> _AIM OF THE EXERCISE_:
With the pictures left out, output the records below exactly.

> _Text-to-region grounding data_:
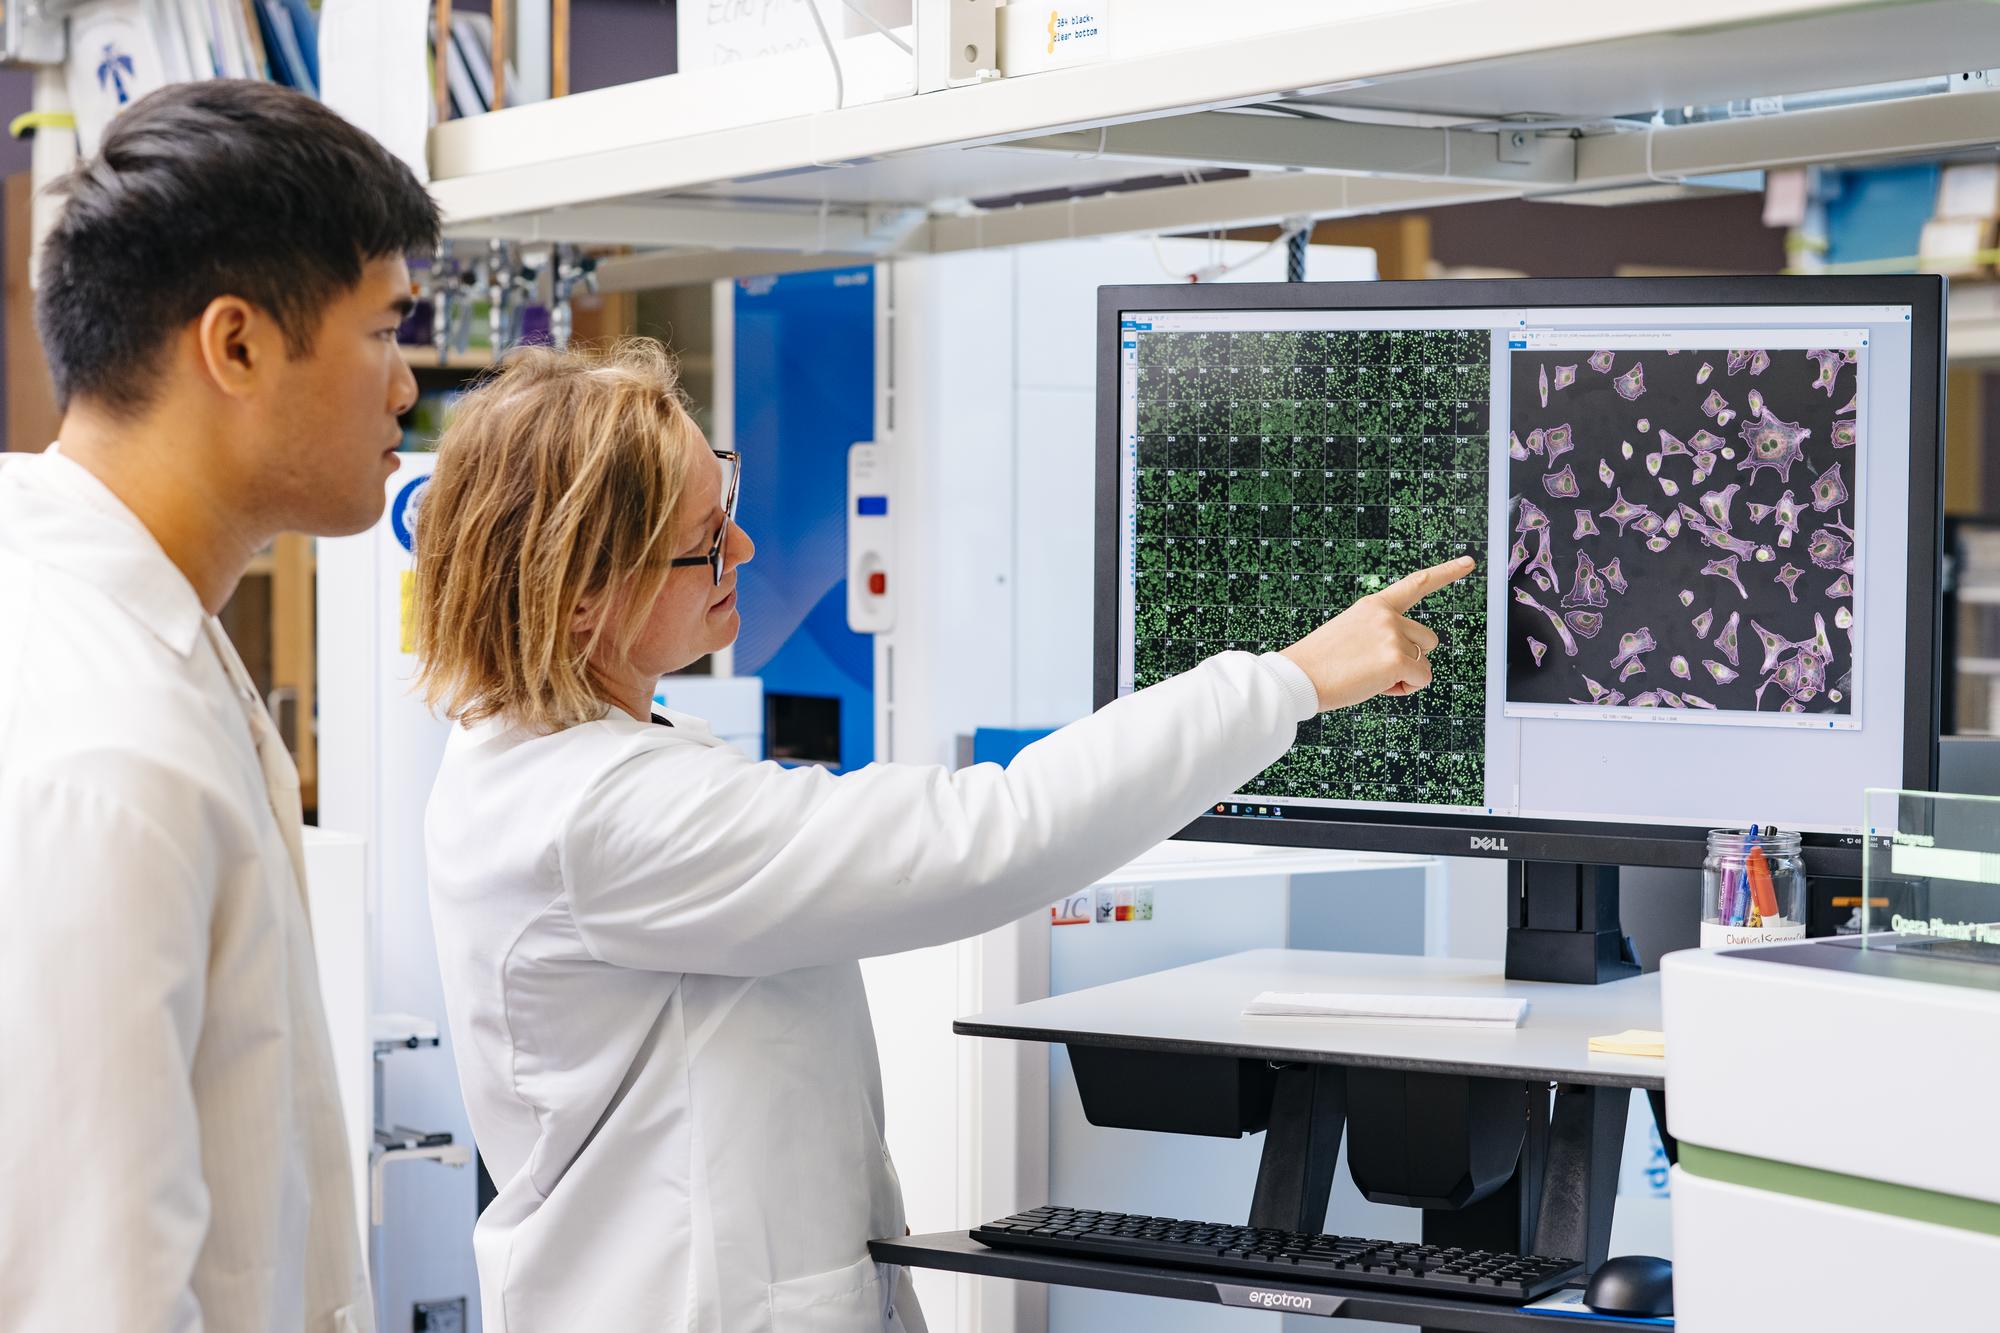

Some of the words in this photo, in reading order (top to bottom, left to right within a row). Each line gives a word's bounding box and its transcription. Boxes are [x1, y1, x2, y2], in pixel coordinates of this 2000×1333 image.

[1053, 32, 1072, 42] clear
[1075, 27, 1098, 39] bottom
[1471, 836, 1508, 851] DELL
[1249, 1291, 1312, 1310] ergotron
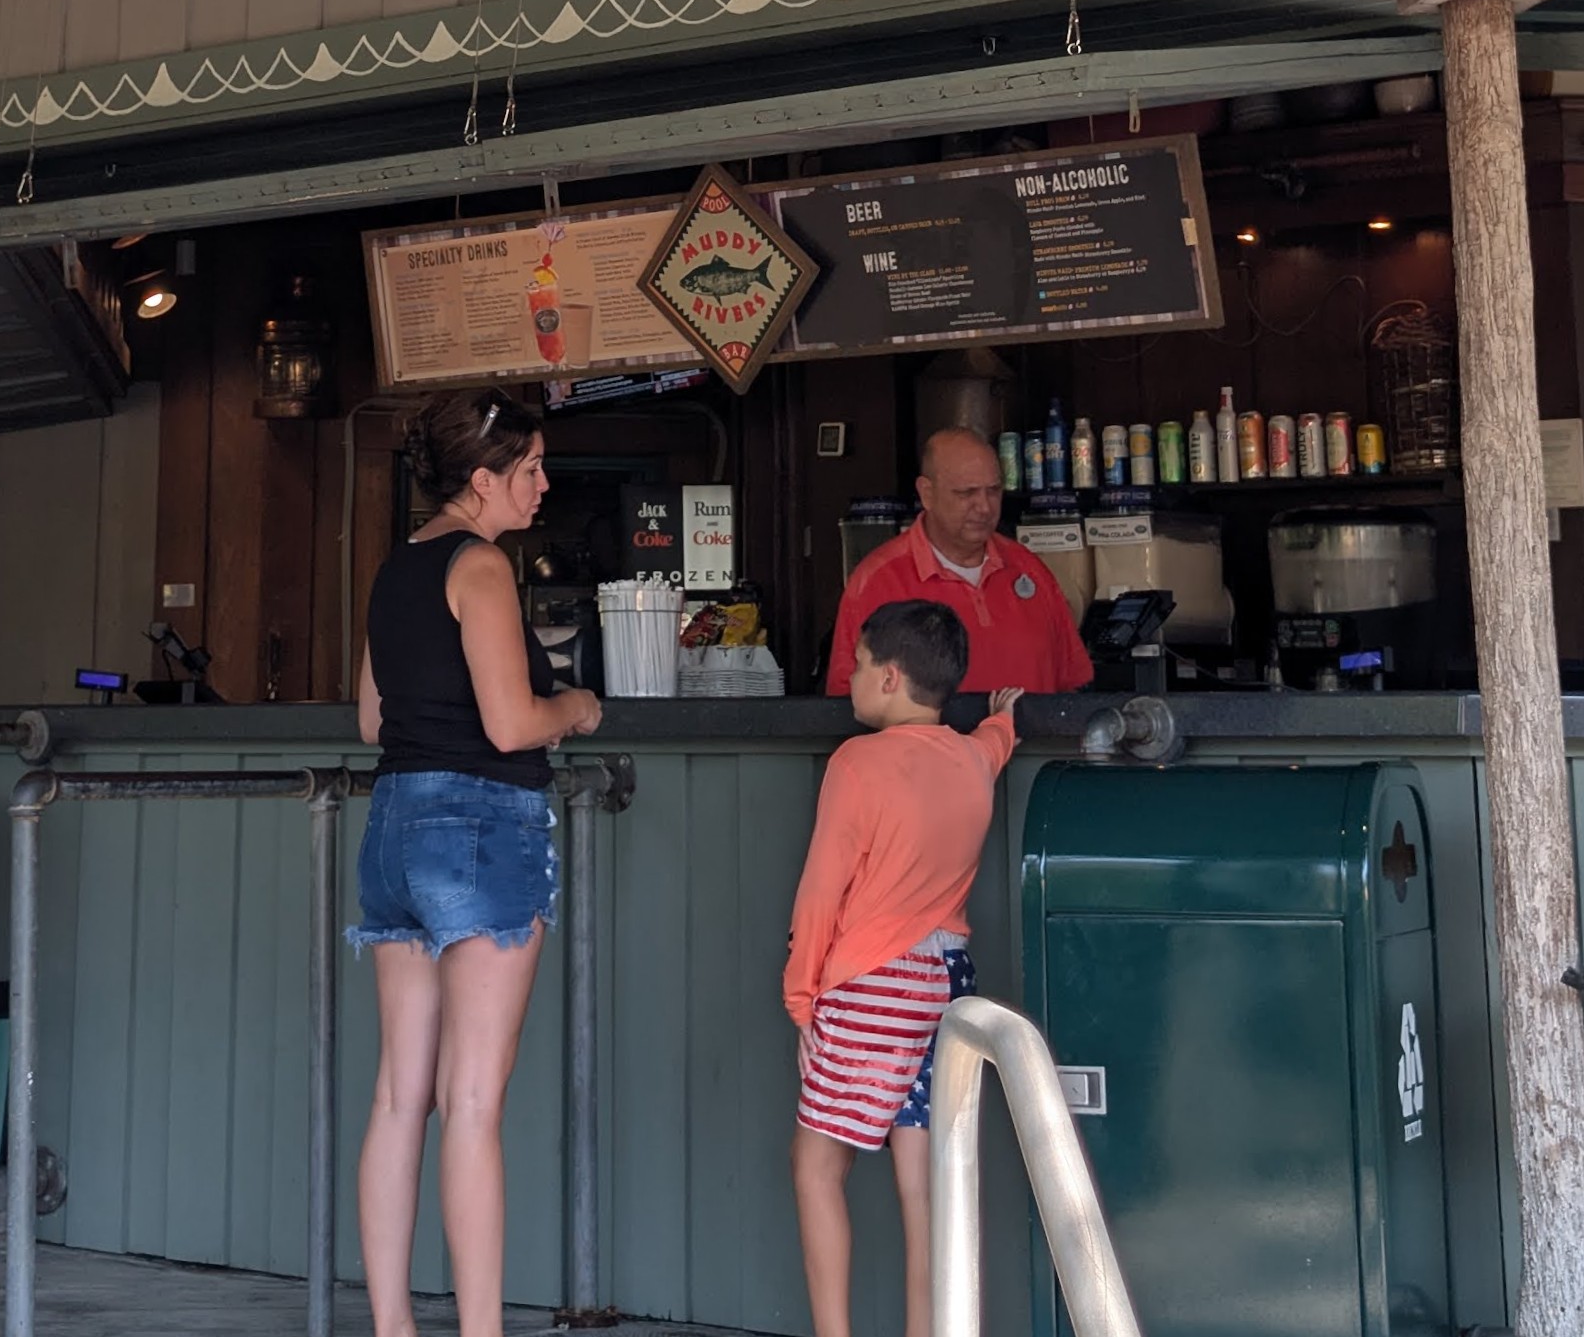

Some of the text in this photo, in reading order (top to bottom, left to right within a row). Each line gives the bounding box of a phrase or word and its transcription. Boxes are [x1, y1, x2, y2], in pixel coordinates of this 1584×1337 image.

> _PROBLEM SOLUTION_:
Some of the words in this photo, in reading order (top to bottom, left to right within a row). Each line gives a word's bounding box and its transcription. Boxes are [x1, y1, x2, y2], in pixel coordinates of this 2000×1333 image.

[1053, 32, 1072, 42] clear
[1075, 27, 1098, 39] bottom
[1471, 836, 1508, 851] DELL
[1249, 1291, 1312, 1310] ergotron

Some of the text in this photo, in reading order (top to bottom, left to right within a row). Each line gives the bounding box of a phrase or word and its transcription. Boxes are [x1, y1, x2, y2], in pixel coordinates of this 1584×1337 image.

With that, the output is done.